= Worker-Peasant-Soldier student =

Classist affirmative action measure in China (1970–1976)

Worker-Peasant-Soldier students (工农兵学员 (Gōngnóngbīng xuéyuán)) were Chinese students who entered colleges between 1970 and 1976, during the later part of the Cultural Revolution (1966–1976). They were accepted not for their academic qualifications, but rather for their work experience as workers, peasants, or soldiers favored by the Chinese Communist Party as part of the "Five Red Categories" and enjoyed affirmative action during the Cultural Revolution. No one was admitted directly from high school without any previous work experience.

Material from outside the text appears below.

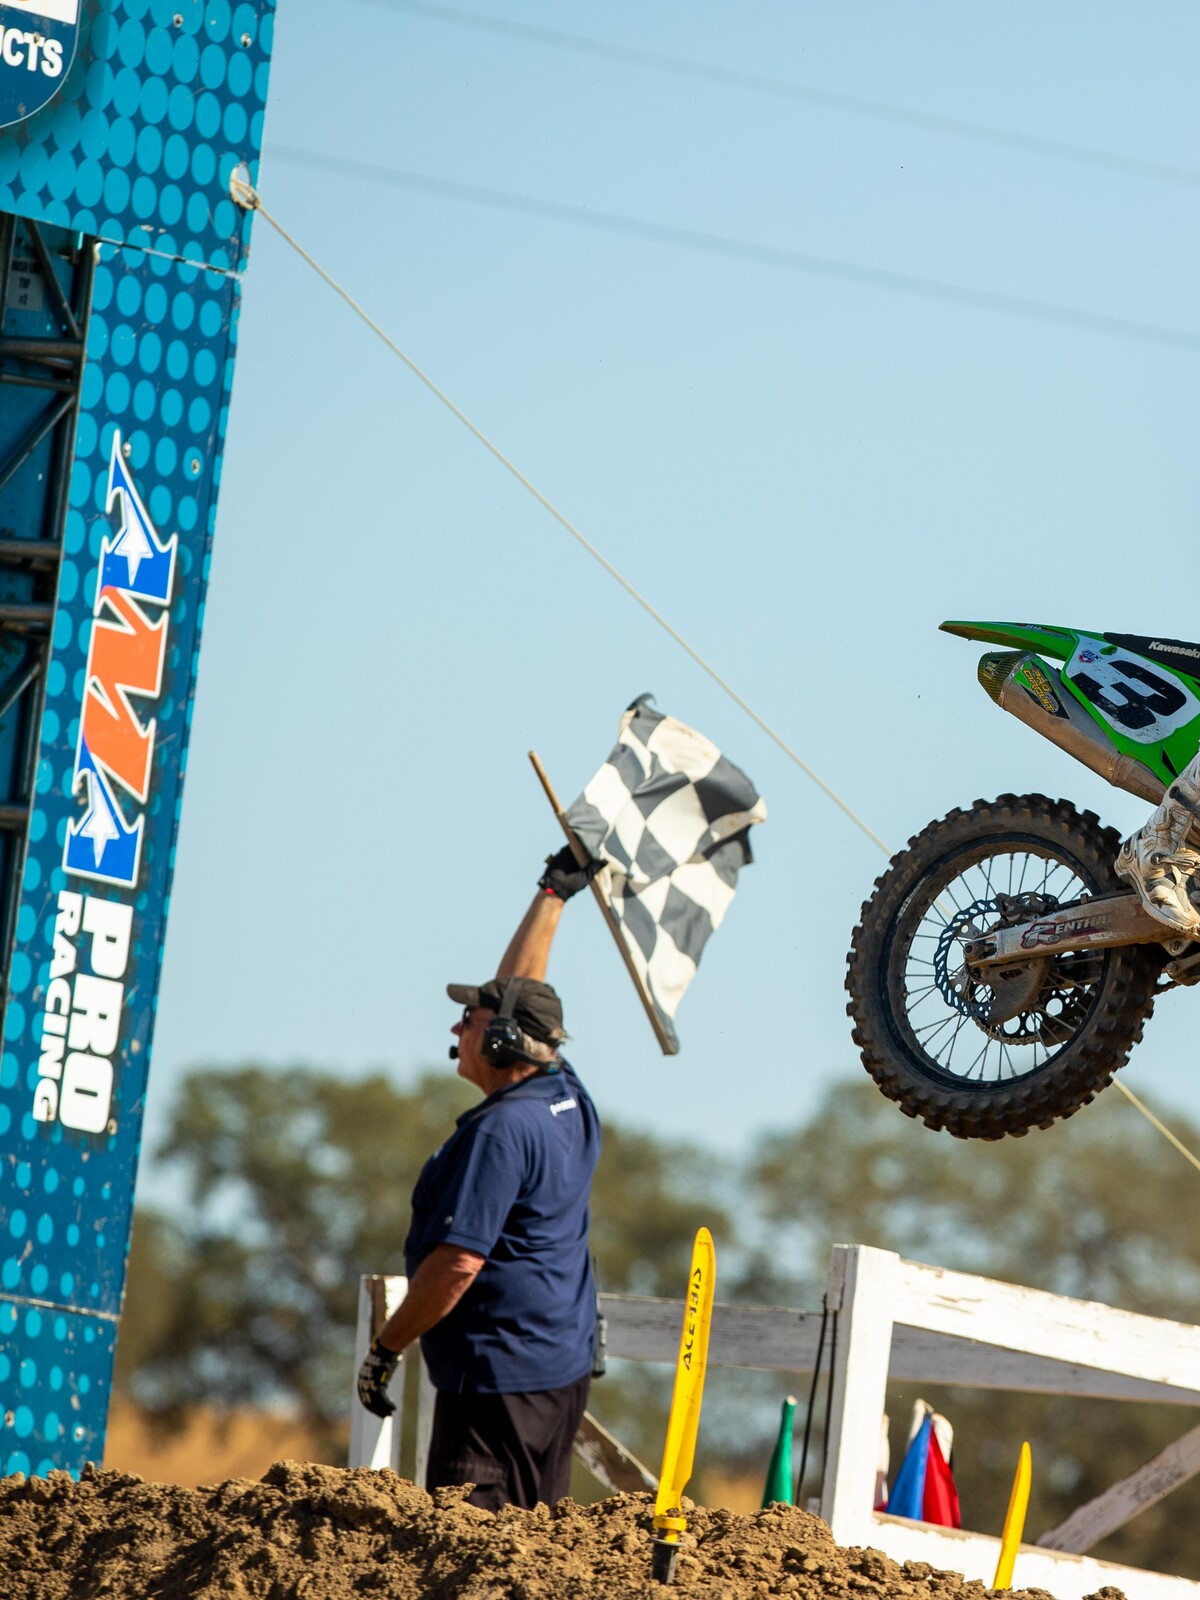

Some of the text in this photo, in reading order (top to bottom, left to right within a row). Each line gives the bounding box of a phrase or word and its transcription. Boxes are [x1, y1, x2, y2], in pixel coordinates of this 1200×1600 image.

In 1977, after Chairman Mao Zedong's death, the Worker-Peasant-Soldier program ended when Deng Xiaoping reinstated the National Higher Education Entrance Examination, where high school graduates were once again allowed to enter colleges without having to work first.

==Notable students==
- Xi Jinping, General Secretary of the Chinese Communist Party (since 2012), studied at Tsinghua University as a Worker-Peasant-Soldier student.
- Zhao Leji (赵乐际; 1957) is the current chairman of the Standing Committee of the National People's Congress, studied at Peking University.
- Wang Qishan (王岐山; 1948) was a member of the Politburo Standing Committee from 2012 to 2017 who also served as the Secretary of the Central Commission for Discipline Inspection and Vice President of China (2018–2023); he studied at Northwest University.
- Song Binbin (宋彬彬; 1947) Chinese Revolutionary and leader of the Red Guard, studied at Jilin University as a Worker-Peasant-Soldier-Student, receiving a bachelor's degree in 1975.